Exercise:
Down to the last line, repeat the data below exactly.

Spatial localization data:
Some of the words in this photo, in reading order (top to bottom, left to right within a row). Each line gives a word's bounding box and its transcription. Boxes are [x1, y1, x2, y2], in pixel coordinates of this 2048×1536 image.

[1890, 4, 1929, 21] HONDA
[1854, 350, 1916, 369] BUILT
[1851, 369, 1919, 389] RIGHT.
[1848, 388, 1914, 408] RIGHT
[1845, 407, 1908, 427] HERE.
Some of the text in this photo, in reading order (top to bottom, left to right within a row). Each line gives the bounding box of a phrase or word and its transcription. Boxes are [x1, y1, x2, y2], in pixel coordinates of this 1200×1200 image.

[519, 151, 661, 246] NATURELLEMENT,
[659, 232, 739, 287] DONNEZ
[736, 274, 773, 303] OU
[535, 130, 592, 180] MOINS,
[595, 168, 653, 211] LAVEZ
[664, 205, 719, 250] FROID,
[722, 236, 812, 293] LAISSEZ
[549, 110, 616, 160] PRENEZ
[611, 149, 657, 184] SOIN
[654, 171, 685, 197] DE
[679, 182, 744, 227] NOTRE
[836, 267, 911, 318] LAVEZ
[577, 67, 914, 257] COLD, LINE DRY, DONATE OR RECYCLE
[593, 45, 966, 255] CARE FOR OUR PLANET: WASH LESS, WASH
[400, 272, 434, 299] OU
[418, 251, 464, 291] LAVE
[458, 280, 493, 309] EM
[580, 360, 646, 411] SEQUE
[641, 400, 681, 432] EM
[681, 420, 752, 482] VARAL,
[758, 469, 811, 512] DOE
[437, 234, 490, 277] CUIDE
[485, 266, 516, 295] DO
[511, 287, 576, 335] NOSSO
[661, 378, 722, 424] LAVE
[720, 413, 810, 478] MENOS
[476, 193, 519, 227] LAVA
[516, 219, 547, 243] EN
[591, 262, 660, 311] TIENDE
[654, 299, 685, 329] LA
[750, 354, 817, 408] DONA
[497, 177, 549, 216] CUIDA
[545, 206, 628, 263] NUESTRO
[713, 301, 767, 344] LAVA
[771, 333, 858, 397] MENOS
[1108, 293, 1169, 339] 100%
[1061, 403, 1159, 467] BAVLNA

Answer to this exercise:
Some of the words in this photo, in reading order (top to bottom, left to right within a row). Each line gives a word's bounding box and its transcription. Boxes are [x1, y1, x2, y2], in pixel coordinates of this 2048×1536 image.

[1890, 4, 1929, 21] HONDA
[1854, 350, 1916, 369] BUILT
[1851, 369, 1919, 389] RIGHT.
[1848, 388, 1914, 408] RIGHT
[1845, 407, 1908, 427] HERE.
Some of the text in this photo, in reading order (top to bottom, left to right within a row). Each line gives the bounding box of a phrase or word and its transcription. Boxes are [x1, y1, x2, y2], in pixel coordinates of this 1200×1200 image.

[519, 151, 661, 246] NATURELLEMENT,
[659, 232, 739, 287] DONNEZ
[736, 274, 773, 303] OU
[535, 130, 592, 180] MOINS,
[595, 168, 653, 211] LAVEZ
[664, 205, 719, 250] FROID,
[722, 236, 812, 293] LAISSEZ
[549, 110, 616, 160] PRENEZ
[611, 149, 657, 184] SOIN
[654, 171, 685, 197] DE
[679, 182, 744, 227] NOTRE
[836, 267, 911, 318] LAVEZ
[577, 67, 914, 257] COLD, LINE DRY, DONATE OR RECYCLE
[593, 45, 966, 255] CARE FOR OUR PLANET: WASH LESS, WASH
[400, 272, 434, 299] OU
[418, 251, 464, 291] LAVE
[458, 280, 493, 309] EM
[580, 360, 646, 411] SEQUE
[641, 400, 681, 432] EM
[681, 420, 752, 482] VARAL,
[758, 469, 811, 512] DOE
[437, 234, 490, 277] CUIDE
[485, 266, 516, 295] DO
[511, 287, 576, 335] NOSSO
[661, 378, 722, 424] LAVE
[720, 413, 810, 478] MENOS
[476, 193, 519, 227] LAVA
[516, 219, 547, 243] EN
[591, 262, 660, 311] TIENDE
[654, 299, 685, 329] LA
[750, 354, 817, 408] DONA
[497, 177, 549, 216] CUIDA
[545, 206, 628, 263] NUESTRO
[713, 301, 767, 344] LAVA
[771, 333, 858, 397] MENOS
[1108, 293, 1169, 339] 100%
[1061, 403, 1159, 467] BAVLNA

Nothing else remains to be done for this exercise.